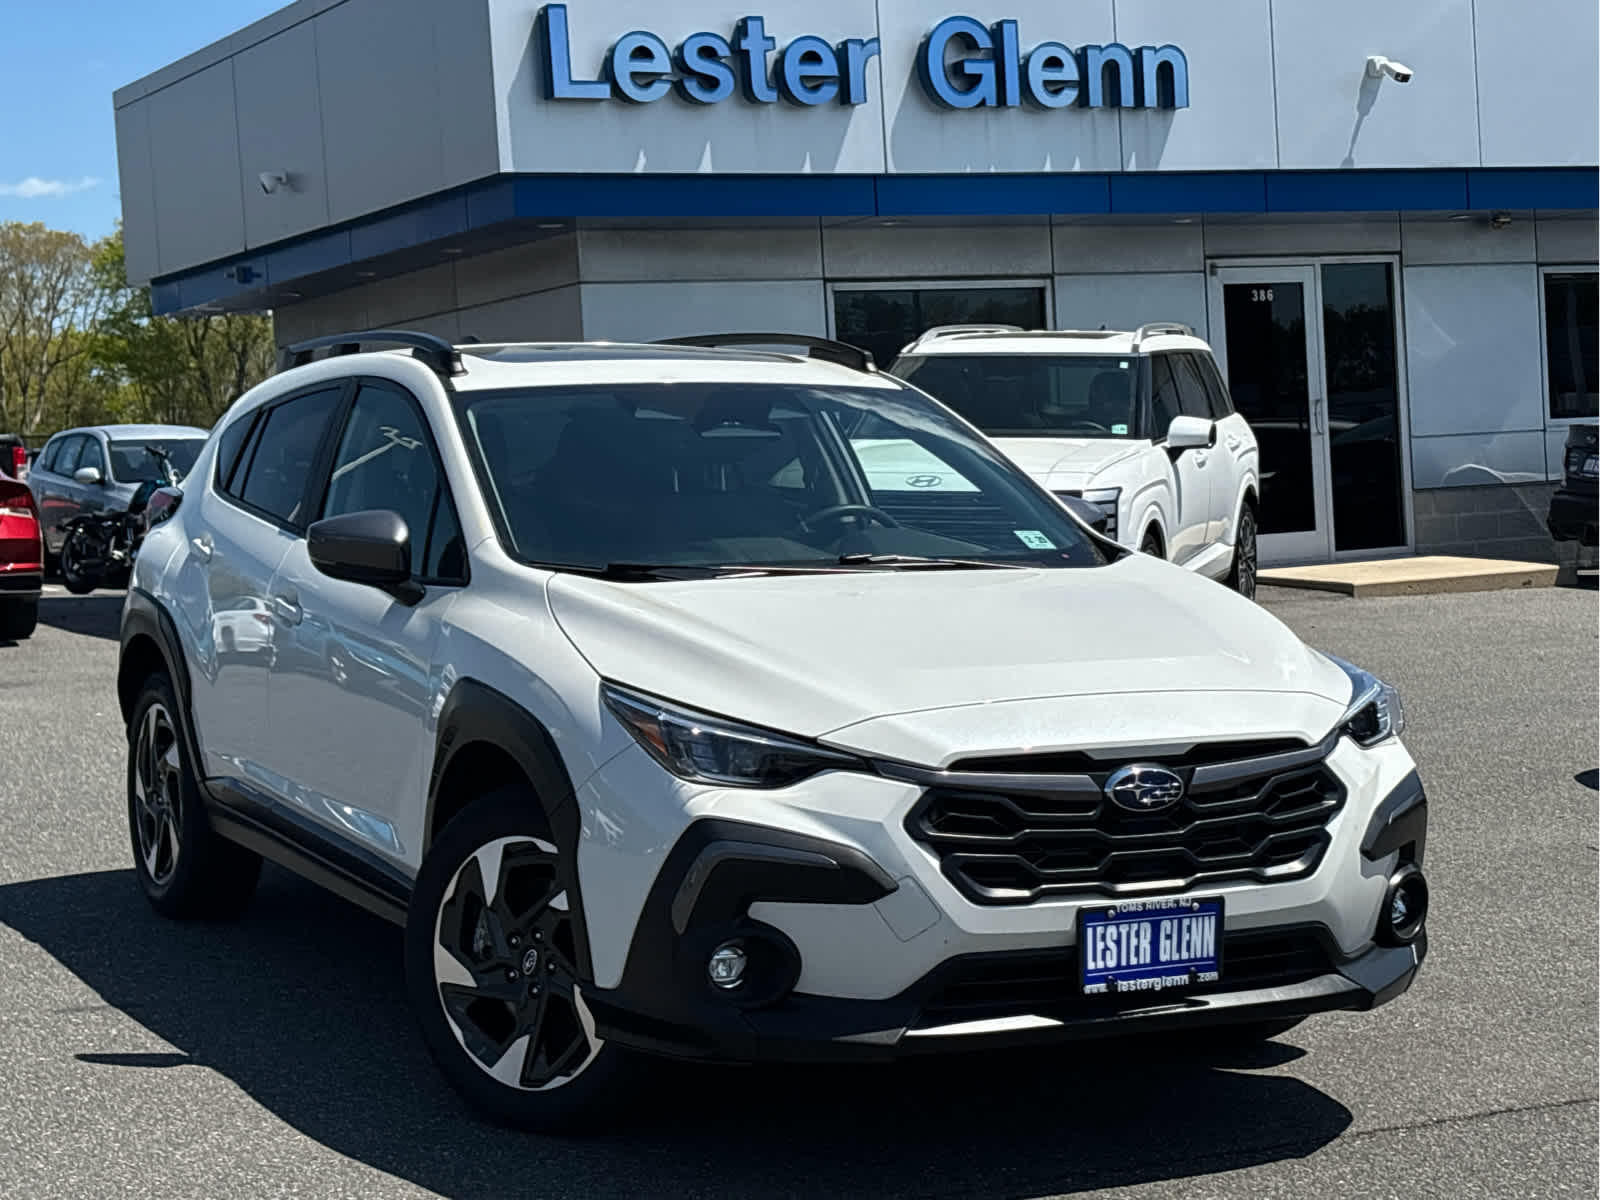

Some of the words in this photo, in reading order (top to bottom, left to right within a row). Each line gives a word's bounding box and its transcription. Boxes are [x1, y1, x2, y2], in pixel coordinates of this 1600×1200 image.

[537, 3, 881, 106] Lester
[915, 15, 1190, 110] Glenn
[1251, 288, 1274, 302] 386
[1116, 902, 1144, 913] TOMS
[1179, 896, 1192, 908] NJ
[1086, 921, 1152, 970] LESTER
[1158, 915, 1217, 963] GLENN

• **What you have to do**: Repeat the records in full, exactly as they appear, but with the pictures removed.

• **Problem solution**:
Some of the words in this photo, in reading order (top to bottom, left to right within a row). Each line gives a word's bounding box and its transcription. Boxes are [x1, y1, x2, y2], in pixel coordinates of this 1600×1200 image.

[537, 3, 881, 106] Lester
[915, 15, 1190, 110] Glenn
[1251, 288, 1274, 302] 386
[1116, 902, 1144, 913] TOMS
[1179, 896, 1192, 908] NJ
[1086, 921, 1152, 970] LESTER
[1158, 915, 1217, 963] GLENN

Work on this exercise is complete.